Red Hook, Brooklyn: You’ll have to catch a bus or train, but you can make it in 40 minutes. Red Hook is along the water and has become a fashionable place to live in the past few years.

St. George, Staten Island: This means traveling by ferry, but there’s plenty of restaurants and bars to have a meal or a quick drink on your way back from work. Most of what you find in St. George will be apartments, many of them newly constructed.

South Harlem: One of the growing areas of NYC, South Harlem has changed considerably over the past two decades, offering relatively moderately priced rentals and plenty of restaurants. Unfortunately, there are few no-frills rentals left in the area, so you are looking at an average of $2,800 for a two-bedroom, single bath per month.

Midtown East

Bushwick, Brooklyn: A creative scene with plenty of nightlife, this is one hip place to live. You can take the M or L-train depending on where you live. However, the price is a bit steep which comes with living in a hip neighborhood.
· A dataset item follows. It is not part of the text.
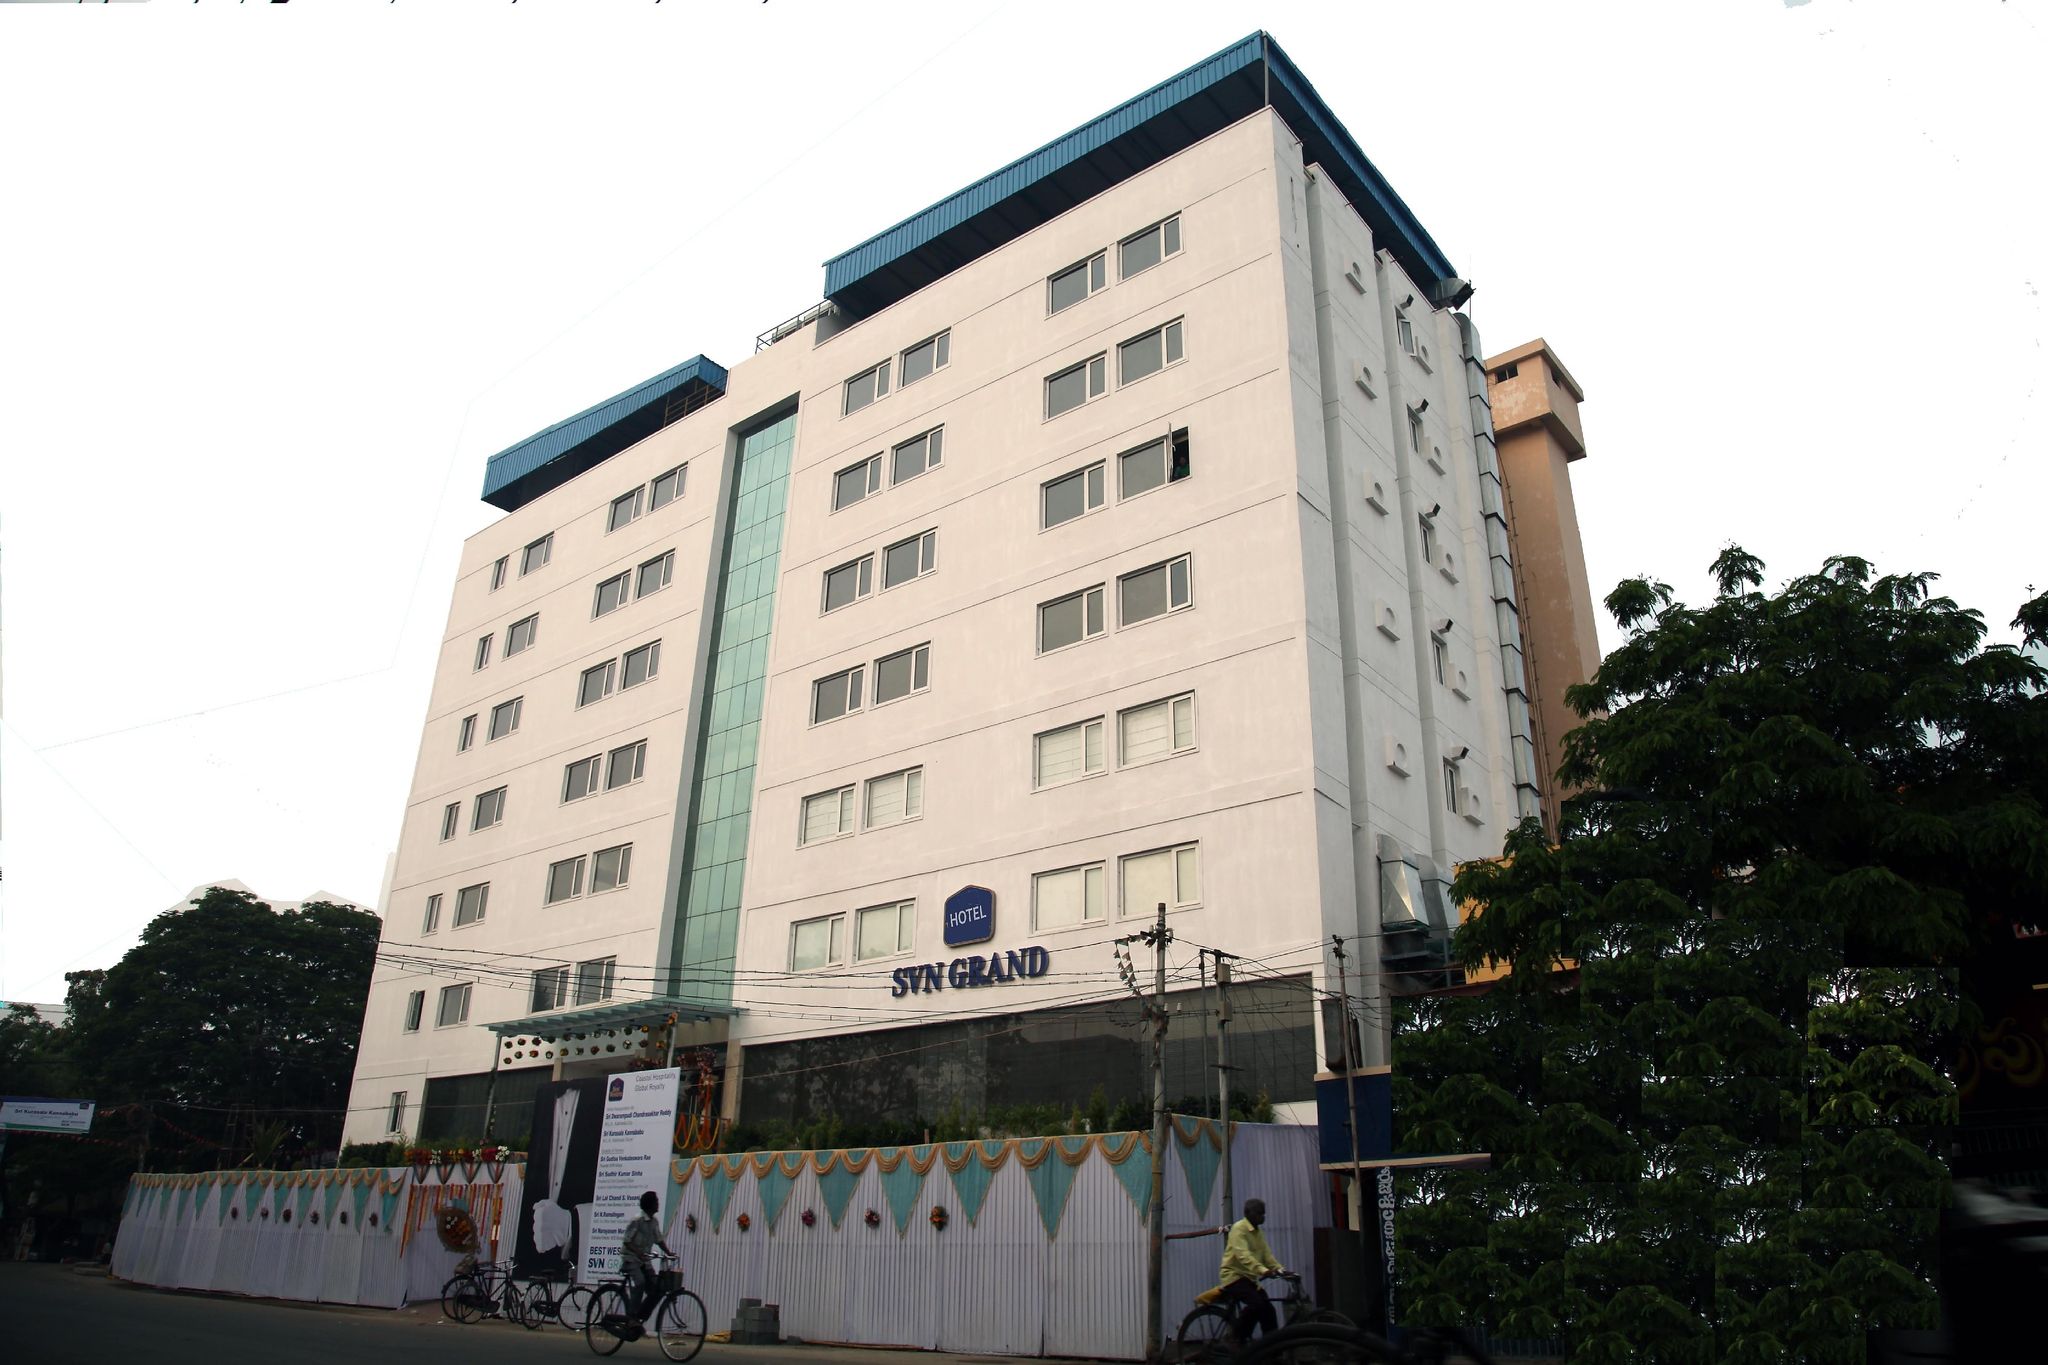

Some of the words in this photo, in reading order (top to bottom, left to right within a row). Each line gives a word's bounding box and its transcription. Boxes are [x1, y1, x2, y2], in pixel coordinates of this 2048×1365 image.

Pelham Parkway, Bronx: You’ll be near the Bronx Zoo, which is nice. But perhaps the best part is that the co-ops and rentals are rather cheap comparatively speaking. You can find a $125,000 single bedroom for sale or rent the same for $1,325 a month.

Ridgewood, Queens: The bad news is that you will have to switch trains from the M to 6, but that is still about 40 minutes for your commute. Another downside is that this is a popular place to live, so expect to pay a higher rent and find fewer good apartments.

Midtown West

Crown Heights, Brooklyn: The 2-train takes you to Midtown West, although you can switch to the 1-train. An older neighborhood, the prices are somewhat high, but still affordable thanks to the many brownstones in the area. With the rental for a two-bedroom, single bath around $2,300 on average, there are good selections here.

Inwood: You’ll take the A-train to work which takes roughly 40 minutes. The good news is that Inwood rental rates are lower than most other locations around the Big Apple. You can find a nice two-bedroom, single bath for about $2,350 on average.

Jackson Heights, Queens: Here, you take the 7-train to work and will enjoy the diverse, vibrant neighborhood during your stay. The rent is not bad and the price affordable for mid to upper middle income.

In addition to location, consider what each NYC neighborhood offers for you and your family before making your final selection.